--- START ---

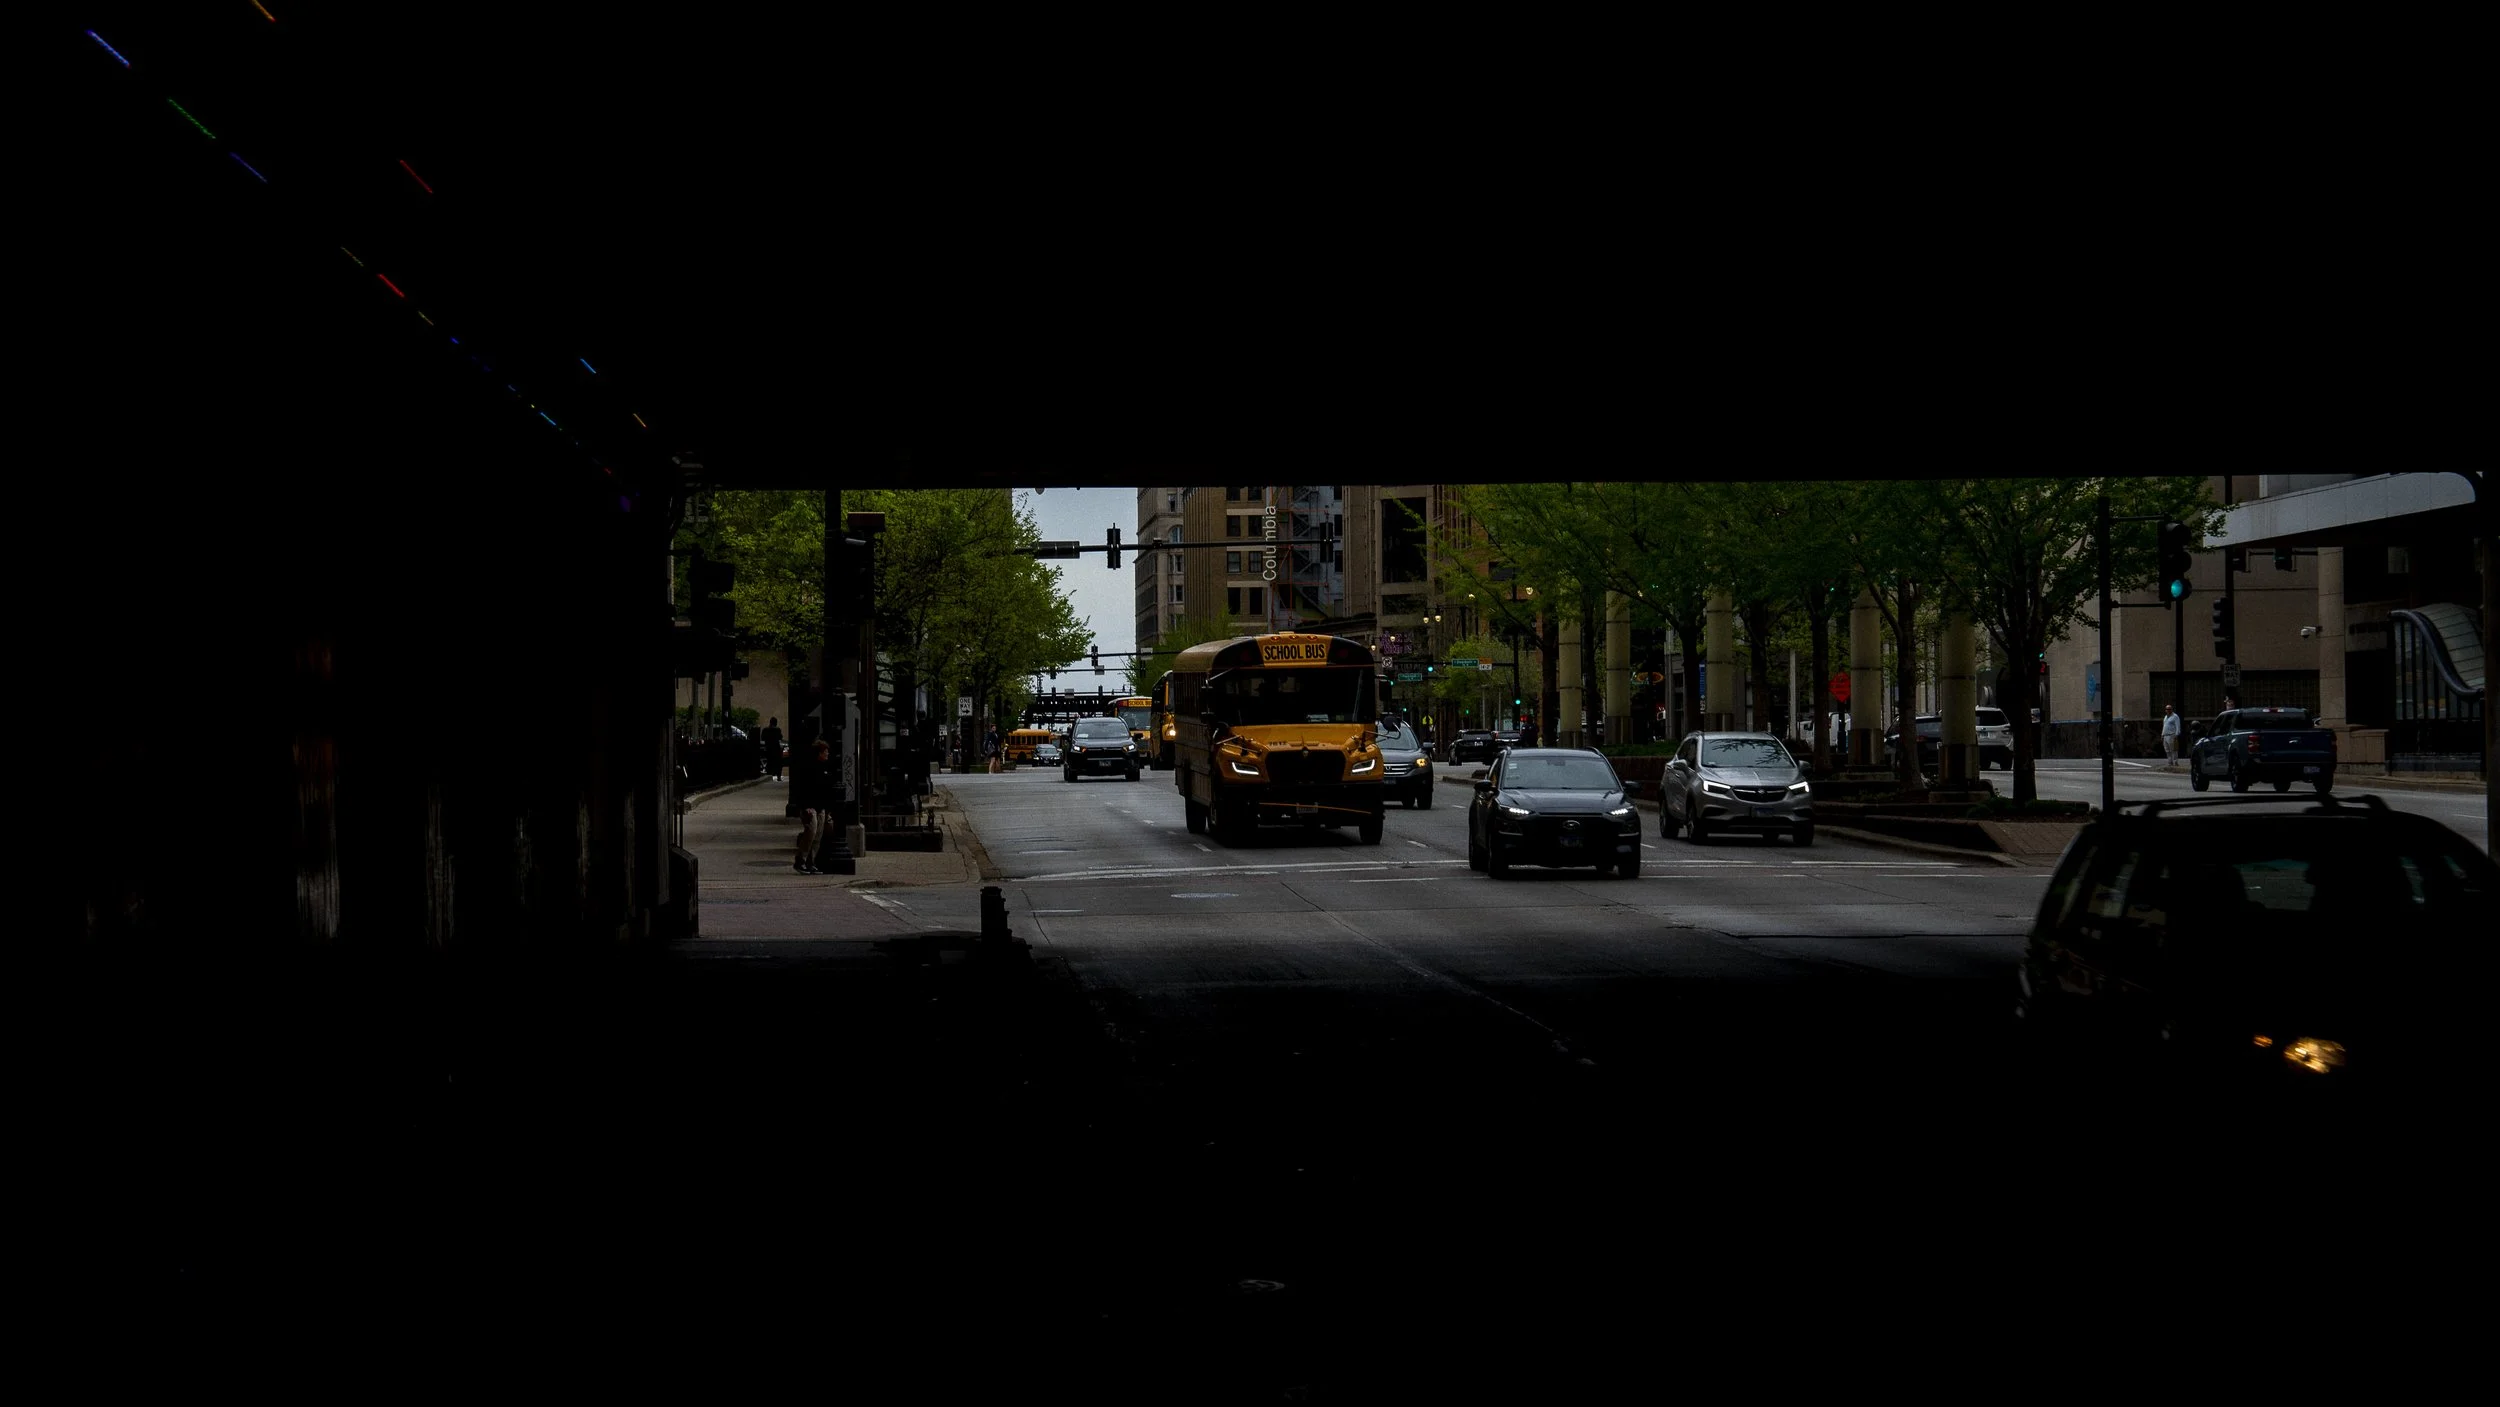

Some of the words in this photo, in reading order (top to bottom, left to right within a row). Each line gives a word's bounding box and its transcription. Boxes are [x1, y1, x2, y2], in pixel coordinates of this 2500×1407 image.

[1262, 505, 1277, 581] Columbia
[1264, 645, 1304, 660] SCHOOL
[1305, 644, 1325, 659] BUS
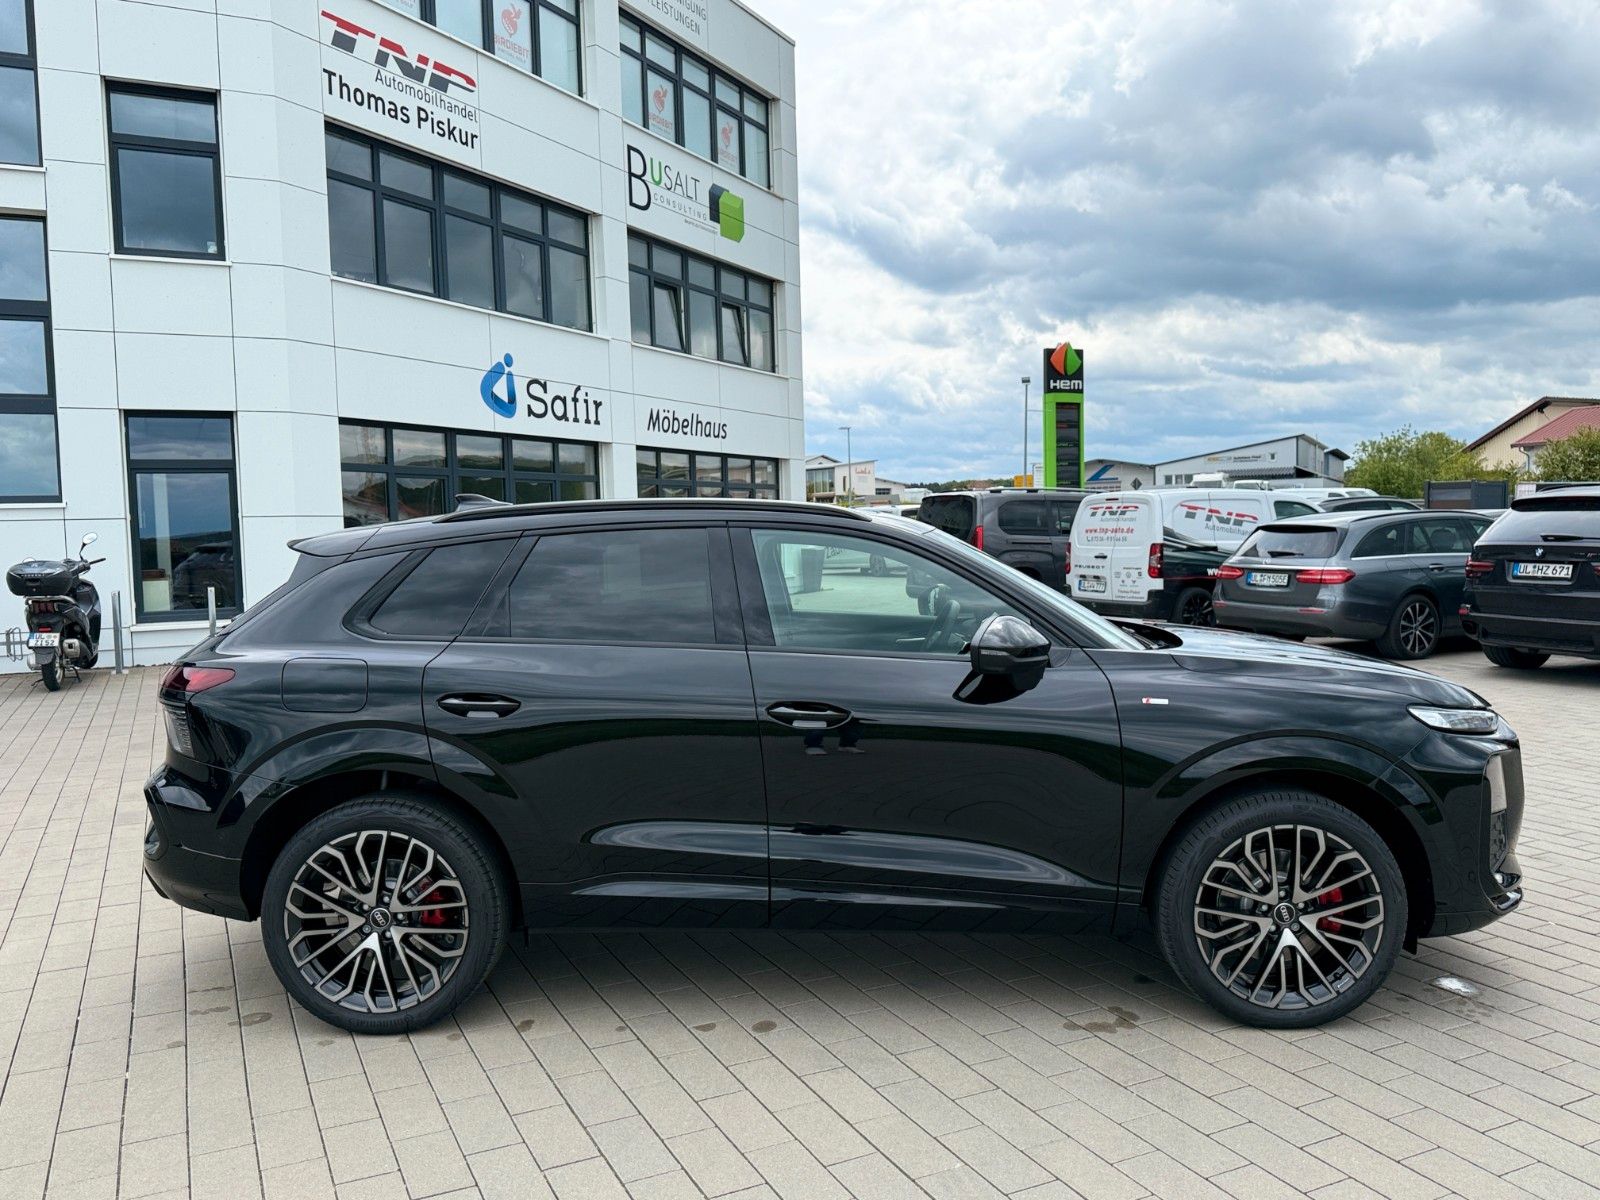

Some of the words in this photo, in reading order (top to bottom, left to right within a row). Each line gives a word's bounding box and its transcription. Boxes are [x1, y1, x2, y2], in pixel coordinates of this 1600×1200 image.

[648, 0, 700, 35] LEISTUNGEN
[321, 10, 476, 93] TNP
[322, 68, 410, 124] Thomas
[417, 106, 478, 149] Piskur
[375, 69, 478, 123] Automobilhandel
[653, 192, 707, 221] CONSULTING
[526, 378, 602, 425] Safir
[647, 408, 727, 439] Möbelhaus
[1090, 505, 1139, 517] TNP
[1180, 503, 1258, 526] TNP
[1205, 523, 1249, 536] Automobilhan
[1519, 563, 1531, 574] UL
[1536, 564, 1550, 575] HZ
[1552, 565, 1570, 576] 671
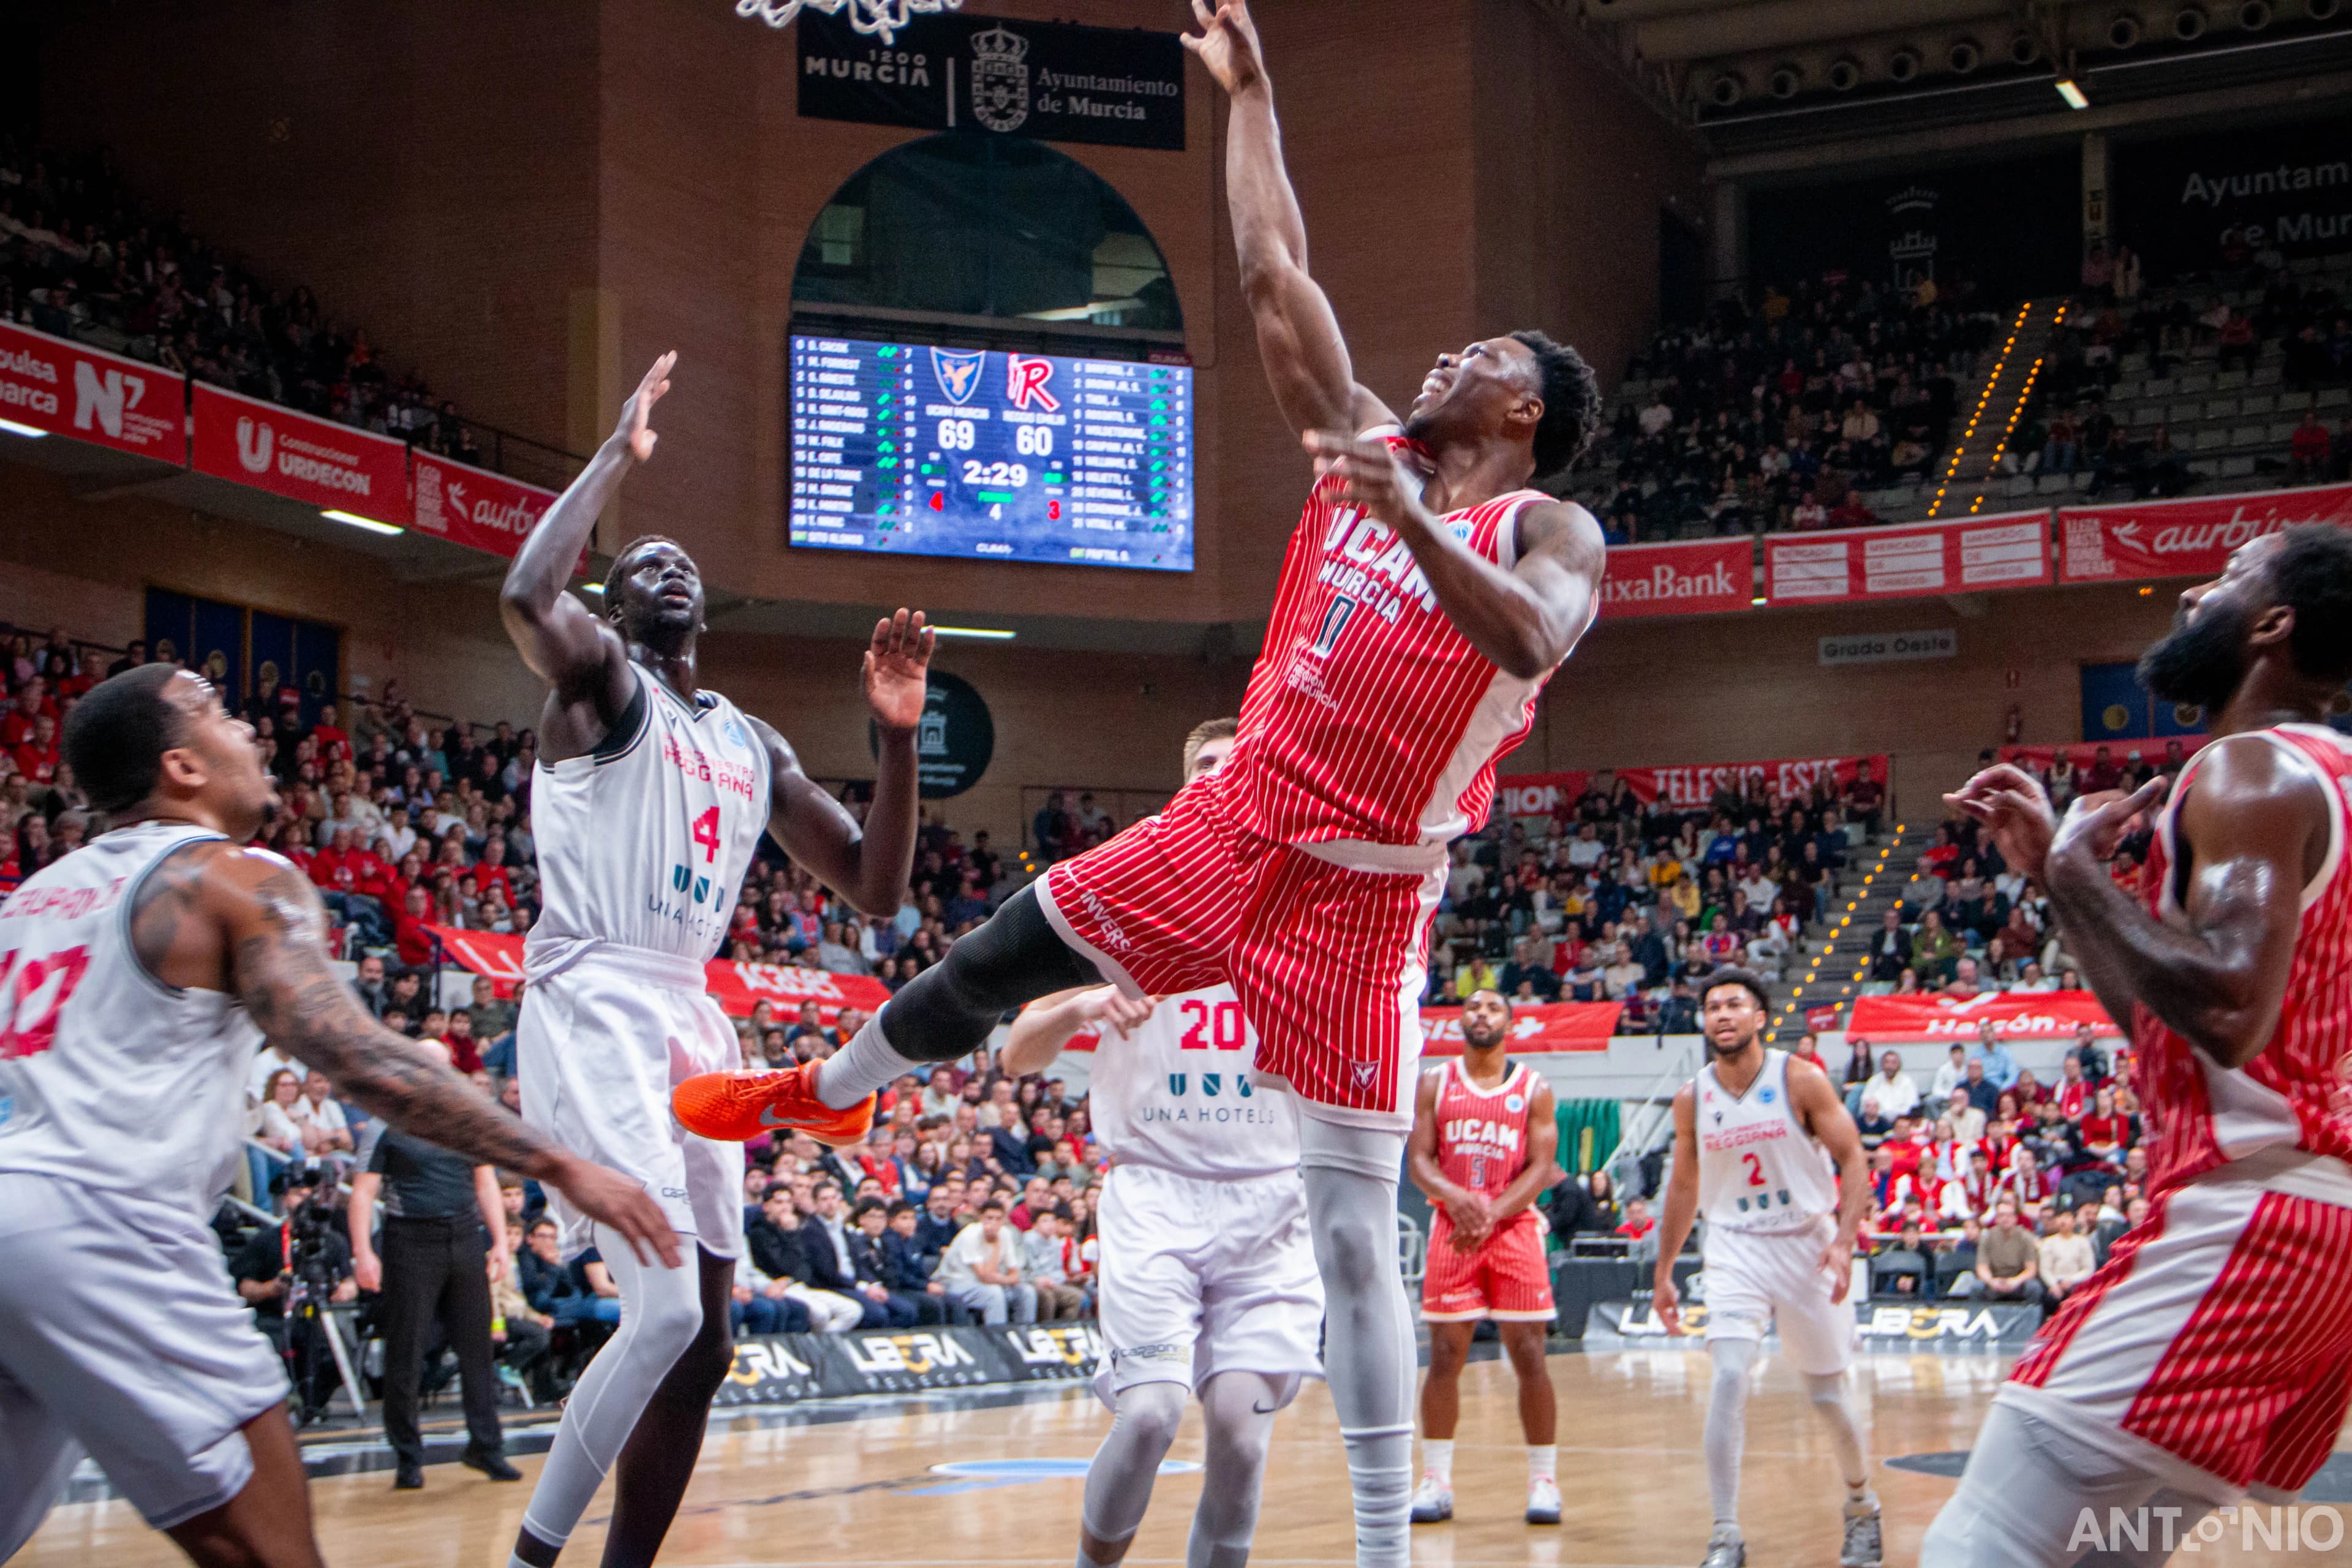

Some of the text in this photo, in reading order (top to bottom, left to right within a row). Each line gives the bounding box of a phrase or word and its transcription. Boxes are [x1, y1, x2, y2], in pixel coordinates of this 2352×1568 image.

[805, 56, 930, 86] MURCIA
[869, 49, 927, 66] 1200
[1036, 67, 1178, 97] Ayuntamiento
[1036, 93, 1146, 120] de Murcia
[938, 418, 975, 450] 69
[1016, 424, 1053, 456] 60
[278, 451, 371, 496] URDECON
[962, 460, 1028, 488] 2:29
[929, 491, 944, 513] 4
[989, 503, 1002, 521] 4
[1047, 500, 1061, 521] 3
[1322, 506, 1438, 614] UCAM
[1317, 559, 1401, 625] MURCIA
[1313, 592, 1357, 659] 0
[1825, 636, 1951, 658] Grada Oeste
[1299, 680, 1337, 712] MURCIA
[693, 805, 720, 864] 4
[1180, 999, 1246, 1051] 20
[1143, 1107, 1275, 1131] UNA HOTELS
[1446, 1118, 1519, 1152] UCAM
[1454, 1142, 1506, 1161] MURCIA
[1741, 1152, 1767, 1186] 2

--- END ---

Activity: The entries above need an exact copy without their pictures.

Solution to this task:
Some of the words in this photo, in reading order (top to bottom, left to right within a row). Each line gives a word's bounding box and its transcription. Boxes are [x1, y1, x2, y2], in pixel coordinates of this 2500×1407 image.

[1262, 505, 1277, 581] Columbia
[1264, 645, 1304, 660] SCHOOL
[1305, 644, 1325, 659] BUS

Some of the words in this photo, in reading order (top to bottom, left to right within a row). Each line gives a word's bounding box and its transcription. Boxes are [x1, y1, x2, y2], in pixel coordinates of this 1600×1200 image.

[648, 0, 700, 35] LEISTUNGEN
[321, 10, 476, 93] TNP
[322, 68, 410, 124] Thomas
[417, 106, 478, 149] Piskur
[375, 69, 478, 123] Automobilhandel
[653, 192, 707, 221] CONSULTING
[526, 378, 602, 425] Safir
[647, 408, 727, 439] Möbelhaus
[1090, 505, 1139, 517] TNP
[1180, 503, 1258, 526] TNP
[1205, 523, 1249, 536] Automobilhan
[1519, 563, 1531, 574] UL
[1536, 564, 1550, 575] HZ
[1552, 565, 1570, 576] 671

Some of the text in this photo, in reading order (top to bottom, left to right within a row). Each line gives the bounding box of a phrase or word and its transcription. Boxes are [x1, y1, x2, y2], in pixel coordinates of this 2352×1568 image.

[805, 56, 930, 86] MURCIA
[869, 49, 927, 66] 1200
[1036, 67, 1178, 97] Ayuntamiento
[1036, 93, 1146, 120] de Murcia
[938, 418, 975, 450] 69
[1016, 424, 1053, 456] 60
[278, 451, 371, 496] URDECON
[962, 460, 1028, 488] 2:29
[929, 491, 944, 513] 4
[989, 503, 1002, 521] 4
[1047, 500, 1061, 521] 3
[1322, 506, 1438, 614] UCAM
[1317, 559, 1401, 625] MURCIA
[1313, 592, 1357, 659] 0
[1825, 636, 1951, 658] Grada Oeste
[1299, 680, 1337, 712] MURCIA
[693, 805, 720, 864] 4
[1180, 999, 1246, 1051] 20
[1143, 1107, 1275, 1131] UNA HOTELS
[1446, 1118, 1519, 1152] UCAM
[1454, 1142, 1506, 1161] MURCIA
[1741, 1152, 1767, 1186] 2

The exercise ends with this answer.